RISKS RELATED TO BUSINESS UNCERTAINTY
The duration and extent of economic downturns, regional financial instability, and economic and market conditions generally could adversely affect our business, financial condition, operating results and cash flows.
Economic weakness and uncertainty, tightened credit markets and constrained IT spending from time to time contribute to slowdowns in the technology industry, as well as in the specific customer segments and geographic regions in which we operate, which may result in reduced demand and increased price competition for our offerings. Our operating results in one or more geographic regions or customer segments may also be affected by uncertain or changing economic conditions within that region or segment. Continuing uncertainty about future economic conditions may, among other things, negatively impact our current and prospective customers and result in delays or reductions in technology purchases or lengthen our sales cycle. Adverse economic conditions also may negatively impact our ability to obtain payment for outstanding debts owed to us by our customers or other parties with whom we do business. In addition, these conditions may impact our investment portfolio, and we could determine that some of our investments have experienced an other-than-temporary decline in fair value, requiring an impairment charge that could adversely impact our financial condition and operating results. Also, these conditions may make it more difficult to forecast operating results. If global economic conditions, or economic conditions in the United States, Europe, Asia or in other key geographic regions or customer segments, remain uncertain or persist, spread or deteriorate further, current and prospective customers may delay or reduce their IT spending, which could adversely affect our business, financial condition, operating results and cash flows.
If we fail to continue to establish and maintain strategic relationships with industry-leading companies, we may not be able to attract and retain a larger customer base.
Our success depends in part on our ability to continue to establish and maintain strategic relationships with industry-leading hardware manufacturers, software vendors, cloud providers and enterprise solutions providers such as Amazon.com, Inc. (“Amazon”), Cisco Systems, Inc., Dell Inc., Fujitsu Limited, Hewlett-Packard Co. (“HP”), International Business Machines Corporation (“IBM”), NEC Corporation, Oracle Corporation (“Oracle”), SAP AG and others. Many of these strategic partners have engineered and certified that their products and services run on or with our offerings, and in some cases have built their products using our offerings. We may not be able to maintain these relationships or replace them on attractive terms in the future. Some of our strategic partners offer competing products and services. As a result of these factors, many of the companies with which we have strategic alliances may choose to pursue alternative technologies and develop alternative products and services in addition to or in lieu of our offerings, either on their own or in collaboration with others, including our competitors. Moreover, we cannot guarantee that the companies with which we have strategic relationships will market our offerings effectively or continue to devote the resources necessary to provide us with effective sales, marketing and technical support. As our agreements with strategic partners terminate or expire, we may be unable to renew or replace these agreements on comparable terms, or at all.
We rely, to a significant degree, on indirect sales channels for the distribution of our offerings, and disruption within these channels could adversely affect our business, financial condition, operating results and cash flows.

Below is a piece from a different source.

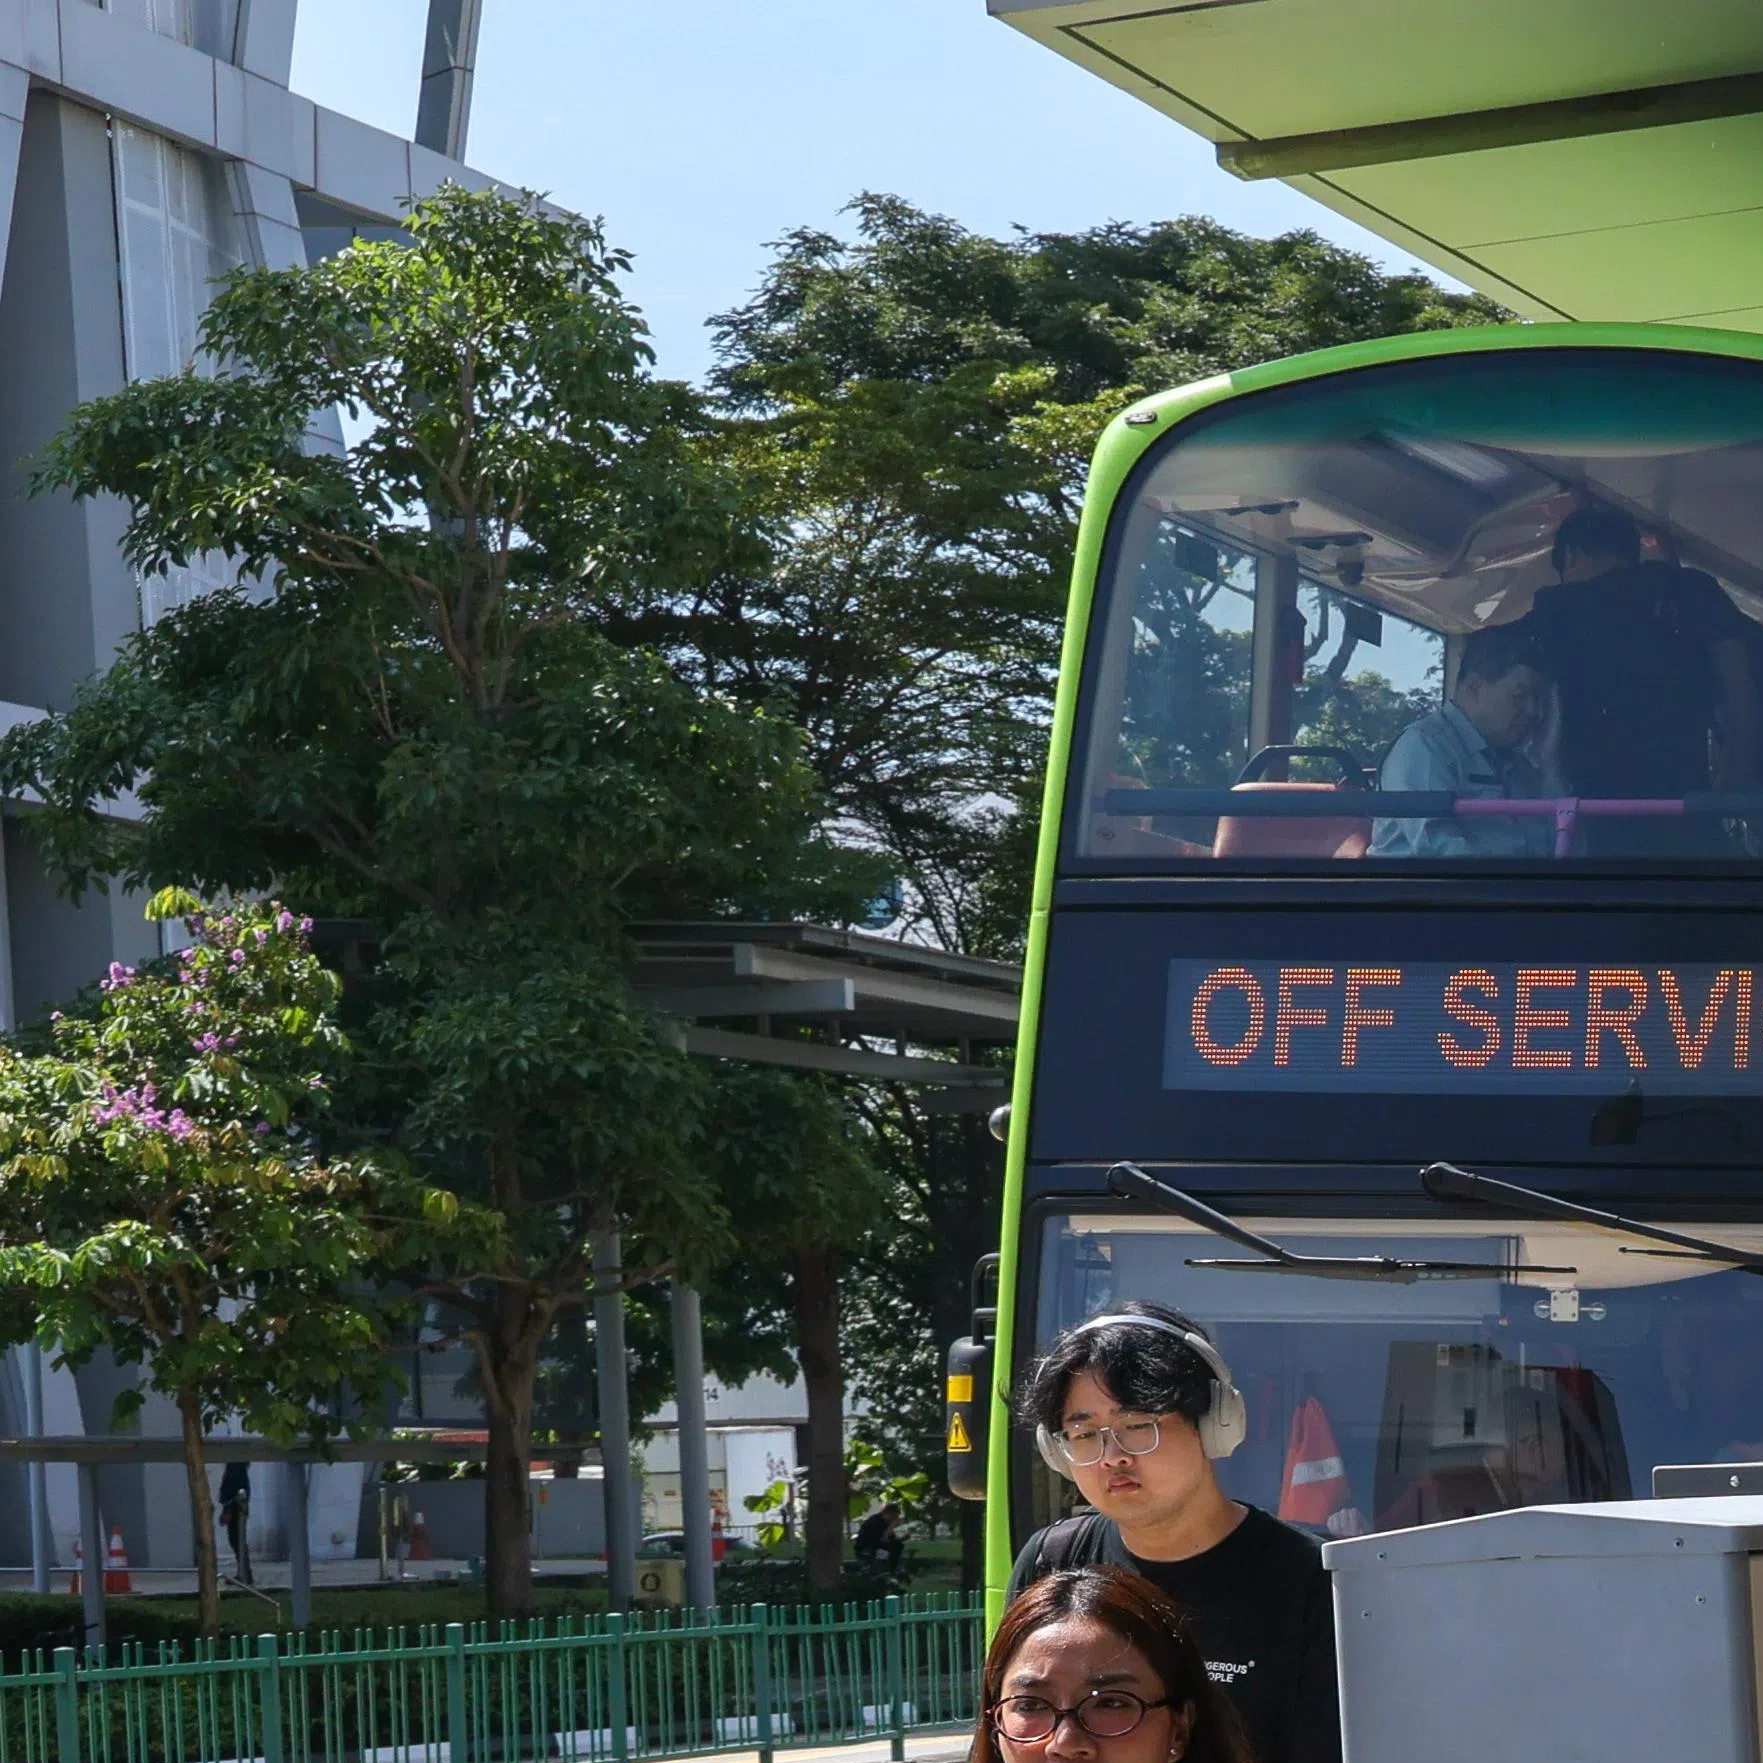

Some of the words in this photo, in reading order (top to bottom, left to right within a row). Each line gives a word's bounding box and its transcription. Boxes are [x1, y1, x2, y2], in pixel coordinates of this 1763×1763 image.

[1190, 966, 1403, 1068] OFF
[1204, 1661, 1248, 1674] GEROUS
[1208, 1672, 1234, 1682] OPLE

We use a variety of different indirect distribution methods for our offerings, including channel partners such as OEMs, distributors and resellers. A number of these partners in turn distribute via their own networks of
17
Table of Contents
channel partners with whom we have no direct relationship. These relationships allow us to offer our technologies to a much larger customer base than we would otherwise be able through our direct sales and marketing efforts.
We rely, to a significant degree, on each of our channel partners to select, screen and maintain relationships with its distribution network and to distribute our offerings in a manner that is consistent with applicable regulatory requirements and Red Hat’s quality standards. Our channel partners may offer their own products and services that are competitive with our offerings or may not distribute and market our offerings effectively. Moreover, our existing channel partner relationships do not, and any future channel partner relationships may not, afford us any exclusive marketing or distribution rights. In addition, if a channel partner is acquired by a competitor or its business units are reorganized or divested, our revenues derived from that partner may be adversely impacted.

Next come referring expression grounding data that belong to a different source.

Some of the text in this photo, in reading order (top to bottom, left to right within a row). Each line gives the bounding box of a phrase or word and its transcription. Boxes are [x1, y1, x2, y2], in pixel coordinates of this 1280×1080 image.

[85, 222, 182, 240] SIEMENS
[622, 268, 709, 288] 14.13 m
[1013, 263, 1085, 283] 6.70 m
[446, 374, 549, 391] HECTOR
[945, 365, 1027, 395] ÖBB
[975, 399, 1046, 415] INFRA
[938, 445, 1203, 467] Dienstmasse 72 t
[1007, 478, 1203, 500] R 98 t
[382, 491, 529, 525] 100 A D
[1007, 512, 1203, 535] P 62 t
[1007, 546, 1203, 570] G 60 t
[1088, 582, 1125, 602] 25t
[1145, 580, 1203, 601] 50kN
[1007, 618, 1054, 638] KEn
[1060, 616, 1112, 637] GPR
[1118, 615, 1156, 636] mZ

Recruiting and retaining qualified channel partners and training them in the use of our enterprise technologies requires significant time and resources. If we fail to devote sufficient resources to support and expand our network of channel partners, our business may be adversely affected. In addition, because we rely on channel partners for the indirect distribution of our enterprise technologies, we may have little or no contact with the ultimate end-users of our technologies, thereby making it more difficult for us to establish brand awareness, ensure proper delivery and installation of our software, support ongoing customer requirements, estimate end-user demand, respond to evolving customer needs and obtain subscription renewals from end-users.

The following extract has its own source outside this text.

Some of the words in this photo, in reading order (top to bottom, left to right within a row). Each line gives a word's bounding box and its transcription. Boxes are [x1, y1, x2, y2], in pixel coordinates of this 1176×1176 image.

If our indirect distribution channel is disrupted, we may be required to devote more resources to distribute our offerings directly and support our customers, which may not be as effective and could lead to higher costs, reduced revenue and growth that is slower than expected.
We have entered into and may continue to enter into or seek to enter into business combinations and acquisitions, which may be difficult to complete and integrate, disrupt our business, divert management’s attention, adversely affect our business, financial condition, operating results and cash flows and dilute stockholder value.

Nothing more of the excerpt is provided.